Uno de cada cinco desempleados isleños es parado de larga duración, es decir, lleva más de dos años buscando un puesto de trabajo. Son más de 50.000. Las islas han padecido graves crisis económicas en las que el nivel de desempleo -habitualmente elevado: desde finales de los años ochenta no desciende del 10%- se dispara. Pero jamás se había acumulado tanta gente y durante tanto tiempo en el paro como en la extenuante coyuntura que vivimos desde 2008 y que quizás ya no convenga llamar crisis, sino una transformación económica y laboral, política y jurídica, en beneficio de un capitalismo extractivo que tiene en la desigualdad su bandera. El desempleo de larga duración es una bomba de relojería: un fardo de plomo que relativiza cualquier perspectiva de recuperación. El desempleado se zombifica. Ya no es un trabajador, pero tampoco es un estudiante ni un jubilado. Ya no es nada ni nadie. Cerca de los dos tercios de los desempleados de larga duración en este Archipiélago no recibe ninguna prestación económica. La inmensa mayoría tampoco recibe formación desde que el Gobierno de Rajoy decidió que las políticas activas de empleo eran un despilfarro y que las jaculatorias a las vírgenes andaluzas y extremeñas resultaban más eficaces. Uno diría que lo fundamental en Canarias, precisamente, consistiría en reconstruir y articular una estrategia consensuada de políticas activas de empleo, privilegiando los instrumentos para buscar trabajo y la formación ocupacional. Porque casi el 40% de esos 50.000 desempleados de larga duración solo cuenta con estudios primarios. En cambio una renta universal está fuera del alcance de la Comunidad Autónoma.
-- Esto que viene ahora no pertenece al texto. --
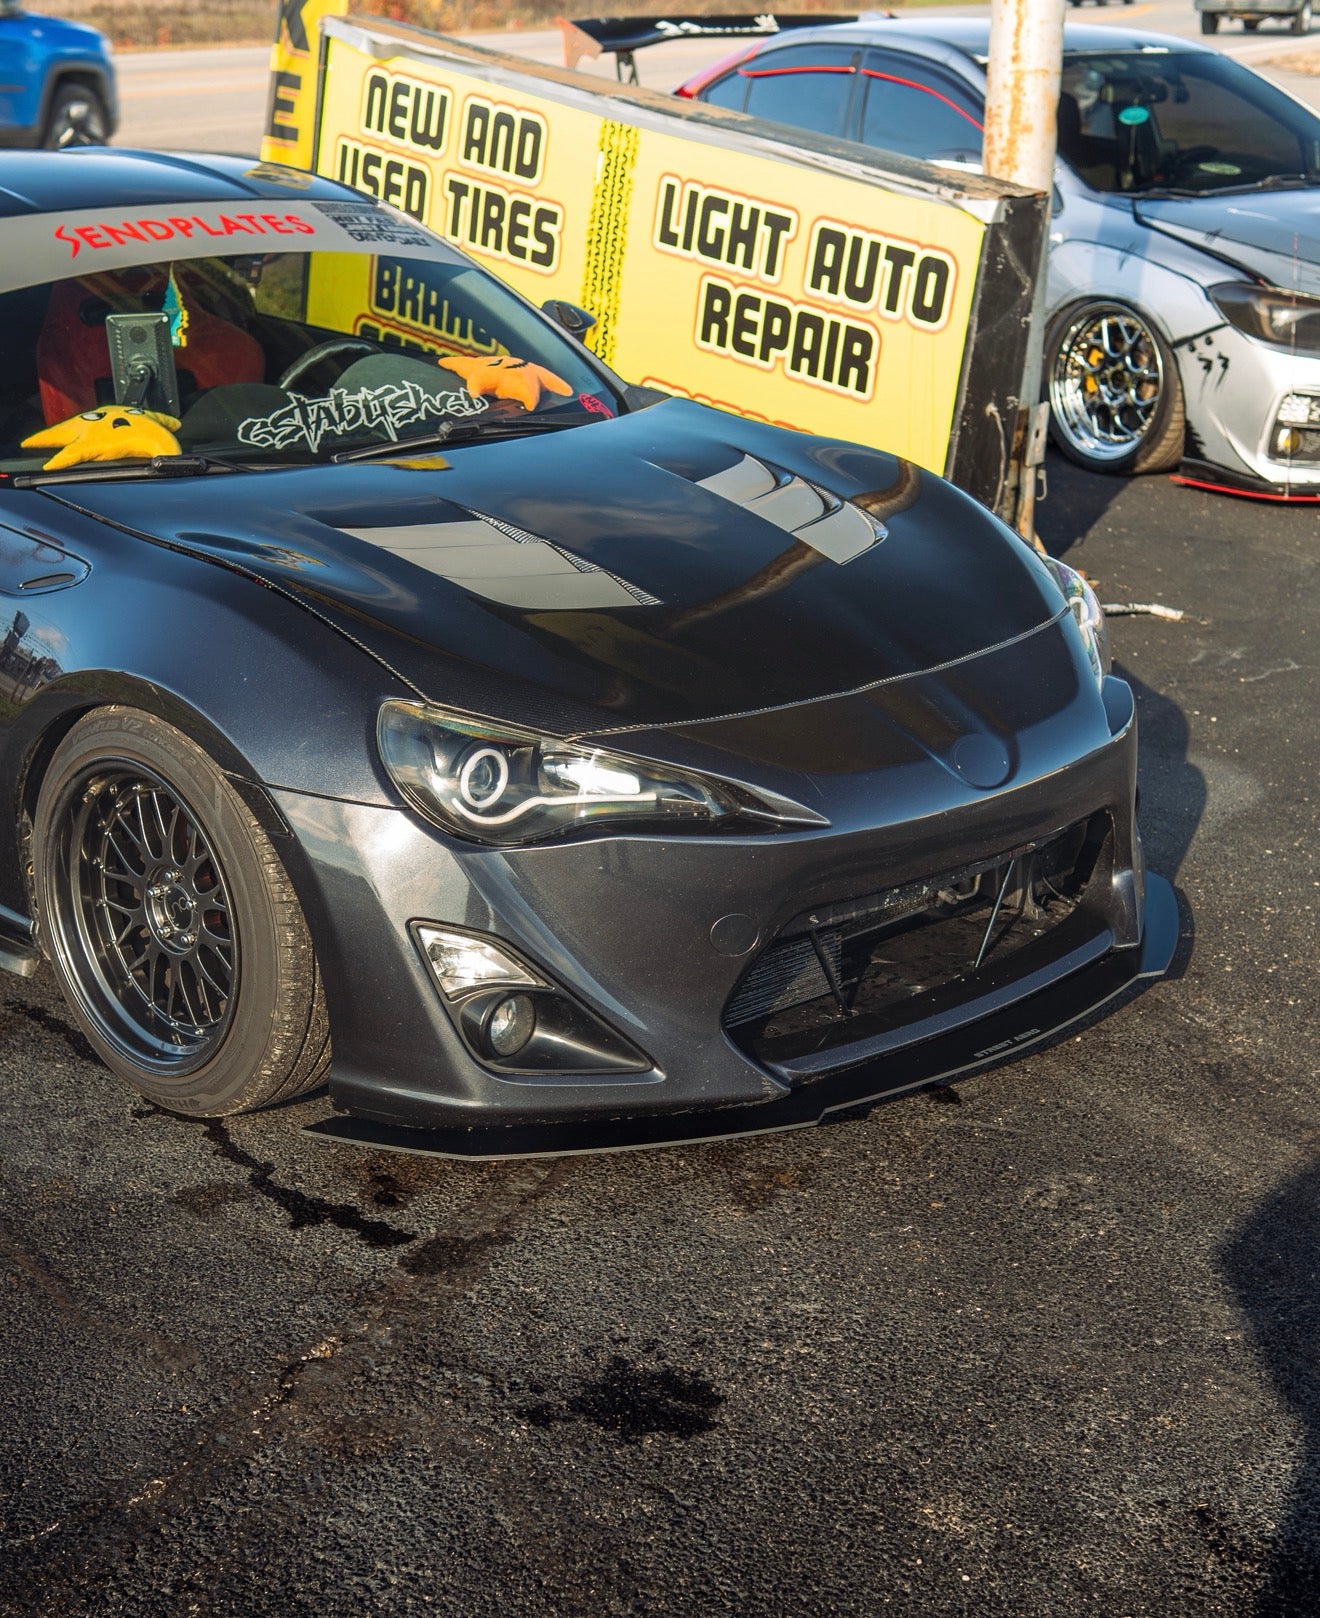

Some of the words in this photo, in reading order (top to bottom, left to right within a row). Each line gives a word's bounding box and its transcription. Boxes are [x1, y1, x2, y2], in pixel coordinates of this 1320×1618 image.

La reformulación de las políticas de empleo no puede ser una nueva versión del PIEC, a través del cual se dilapidaron miles de millones de pesetas con unos resultados que saltan a la vista. Debería basarse obligatoria y transparentemente en un análisis realista del mercado laboral canario: las disparatadas modalidades de contratación y sus efectos dualizadores, el bajo nivel formativo que convive con la mayor tasa de universitarios de la historia, la reforma urgente y nunca encarada de la formación profesional y ocupacional, los problemas de movilidad. La economía sumergida o las contrataciones ilegales no son aberrantes fenómenos morales, sino patologías económicas, y el mejor método para combatirlas es facilitar la creación de empleo, potenciar la formación, mejorar y abaratar la movilidad y la conectividad, superar vicios de burocracias administrativas y sindicales. No al contrario.